La question est d'autant plus intéressante, s'agissant de Voltaire, que tout le monde a, semble-t-il, jugé nécessaire de prendre position face à sa vie et à son œuvre. Nous serions dès lors tenté, dans l'espace réduit de cet article, de rappeler quelques-unes des étapes du parcours sémantique du voltairisme -si tant est qu'un tel substantif corresponde, sur le plan notionnel, à la généralité chargée d'englober tous les voltairistes. Or, comme nous allons le voir, rien n'est moins sûr.

L'une des toutes premières acceptions du terme voltairiste se trouve dans l'Oracle des nouveaux philosophes de l'abbé Guyon (1759) et est répété dans le Sentiment d'un inconnu sur l'Oracle des nouveaux philosophes d'Abraham de Chaumeix (1730-1790), l'un des ennemis les plus virulents des philosophes en général et de Voltaire en particulier, qui l'étrille notamment dans Le pauvre Diable. Que cette attribution du Sentiment d'un inconnu à Chaumeix ait été contestée a moins d'importance ici que la date de la publication : 1760, c'est-à-dire à un moment capital dans la lutte contre l'Encyclopédie et, s'agissant de Voltaire, l'année-même de sa translation à Ferney.
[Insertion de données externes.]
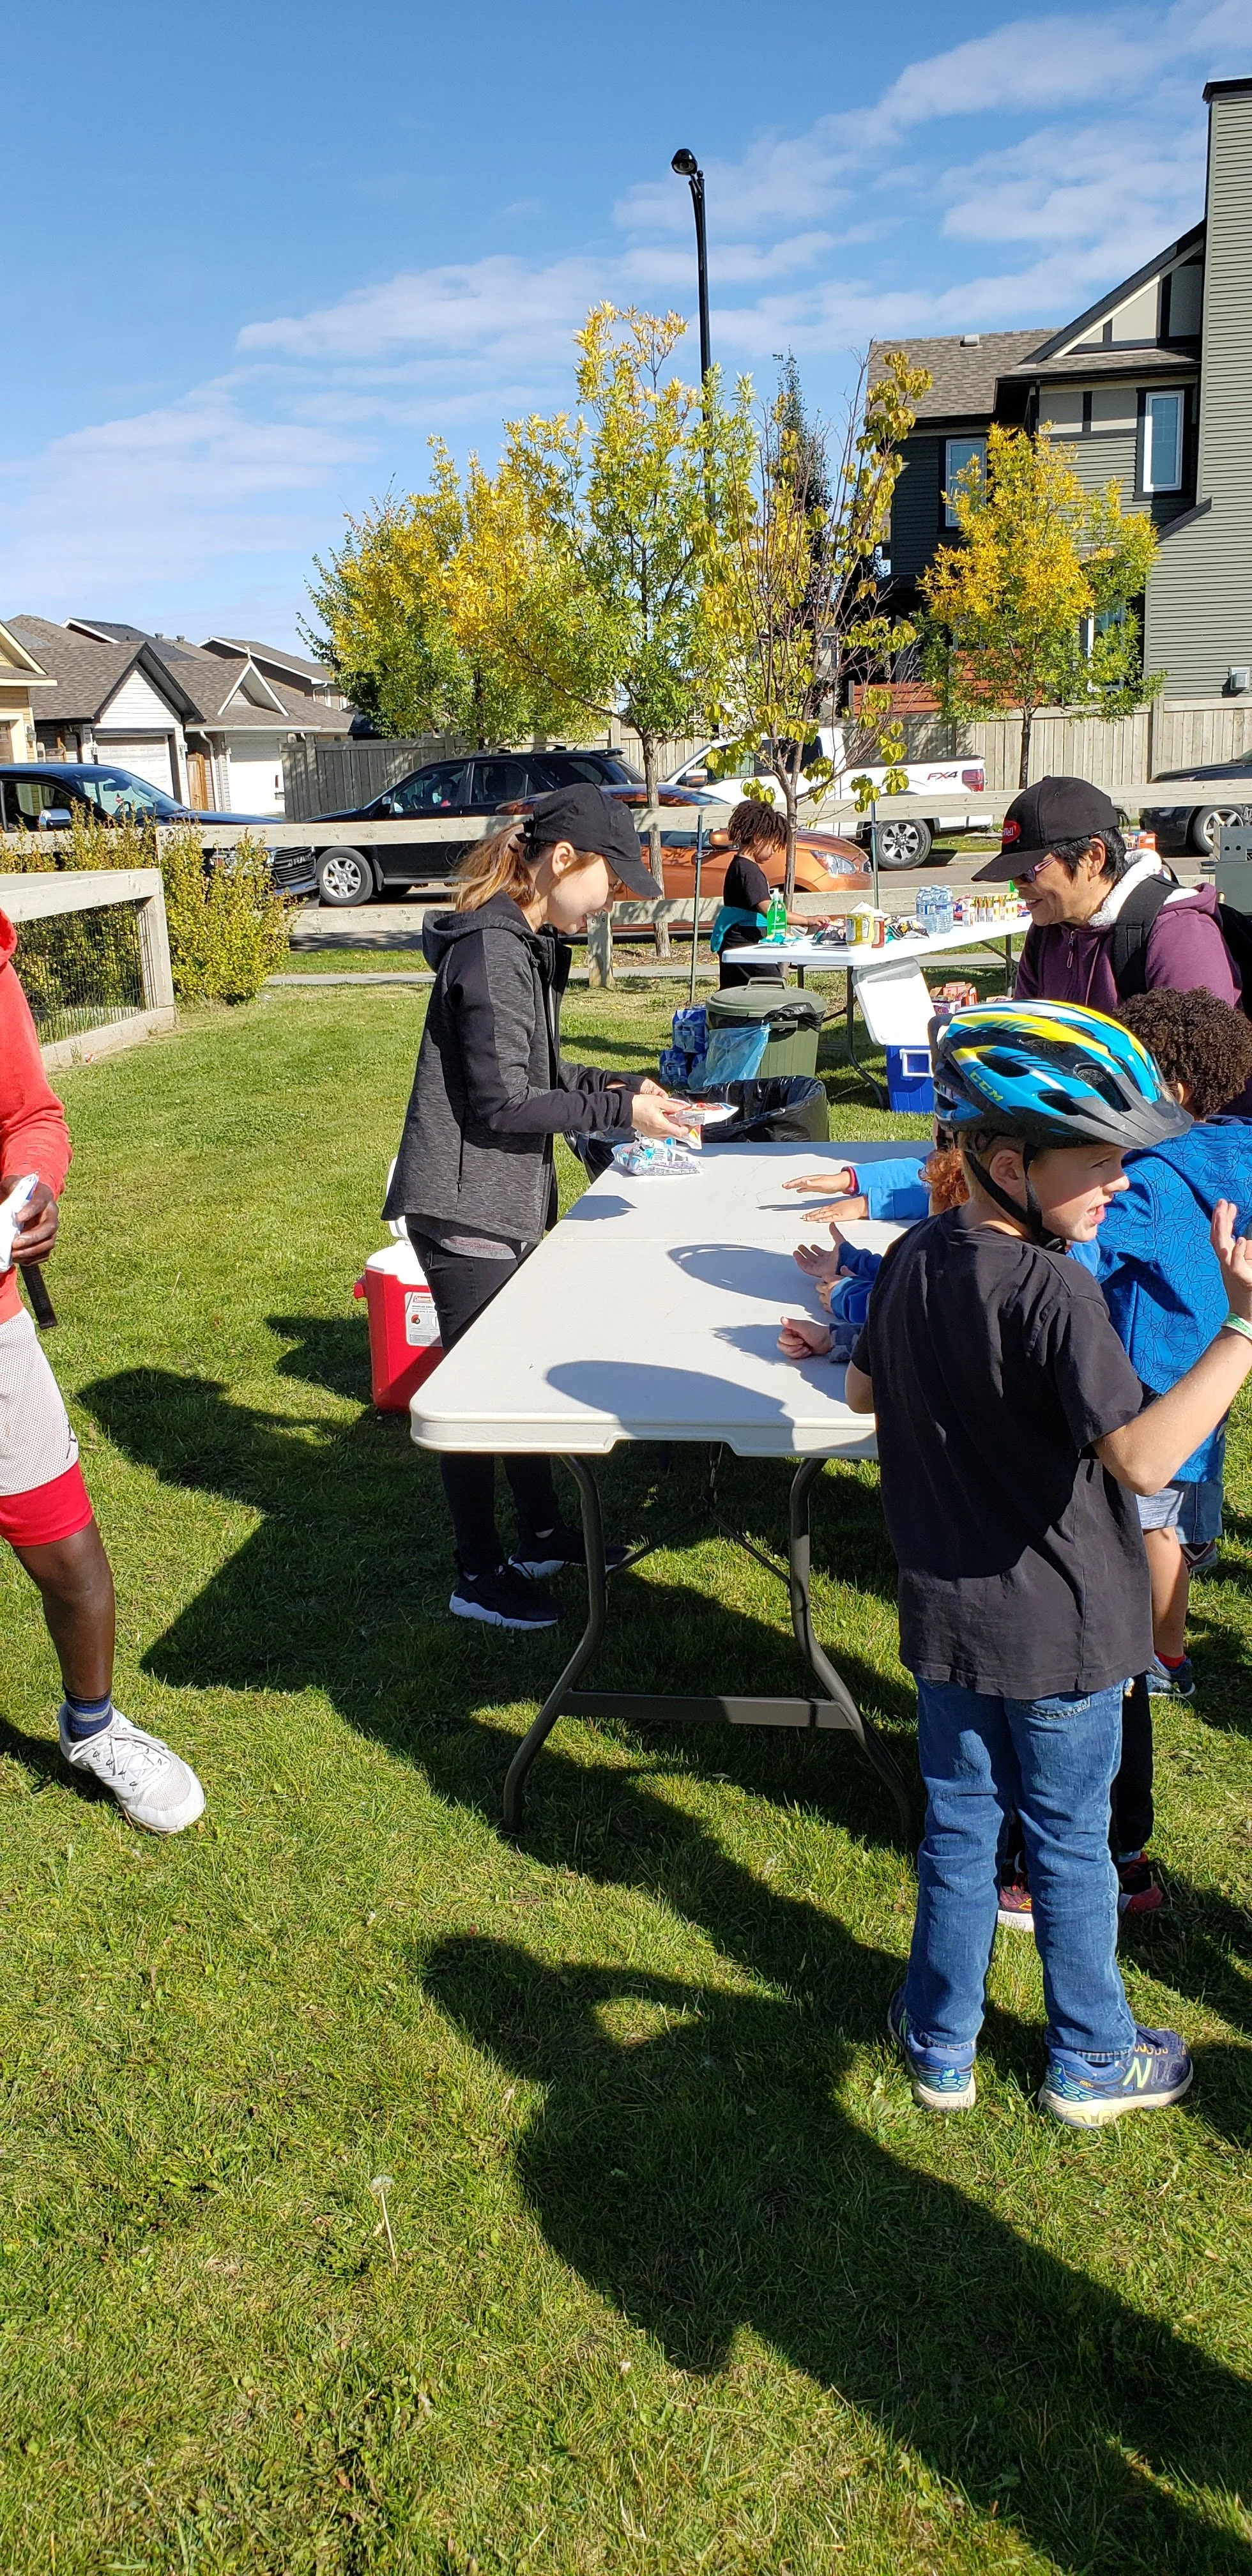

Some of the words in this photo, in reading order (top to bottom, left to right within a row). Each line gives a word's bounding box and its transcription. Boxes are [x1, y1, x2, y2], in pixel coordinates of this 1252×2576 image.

[927, 770, 958, 780] FX4
[970, 1071, 1004, 1101] CCM
[1122, 2057, 1152, 2089] N
C'est alors qu'il est question de Jean-Jacques Rousseau que l'abbé Guyon, comme le rappelle Chaumeix, use du terme de voltairiste :

Il s'agissait de proposer à M. Rousseau deux problèmes insolubles : au moins le paraissent-ils à M. l'Abbé. Pour engager M. Rousseau à lui répondre, il le flatte, il l'appelle la plus belle plume des nouveaux Philosophes, en dépit de tous ce que Mrs les Voltairistes pourront dire. Ce compliment, ajoute-t-il, doit vous piquer d'honneur, et vous engager à résoudre ces deux problèmes 1
           
Et l'auteur d'apporter son propre commentaire :

Je me mets, Monsieur, aussi peu en peine que l'Auteur, de ce que les voltairistes diront de son compliment : mais je suis bien assuré que M. Rousseau n'en sera pas piqué d'honneur 2.

Les voltairistes sont ici, on l'aura compris, toute la clique des Encyclopédistes, évidemment éxécrés par Chaumeix, mais auxquels un lecteur contemporain, s'il est admis dans cette noble caste, se piquera d'honneur d'appartenir.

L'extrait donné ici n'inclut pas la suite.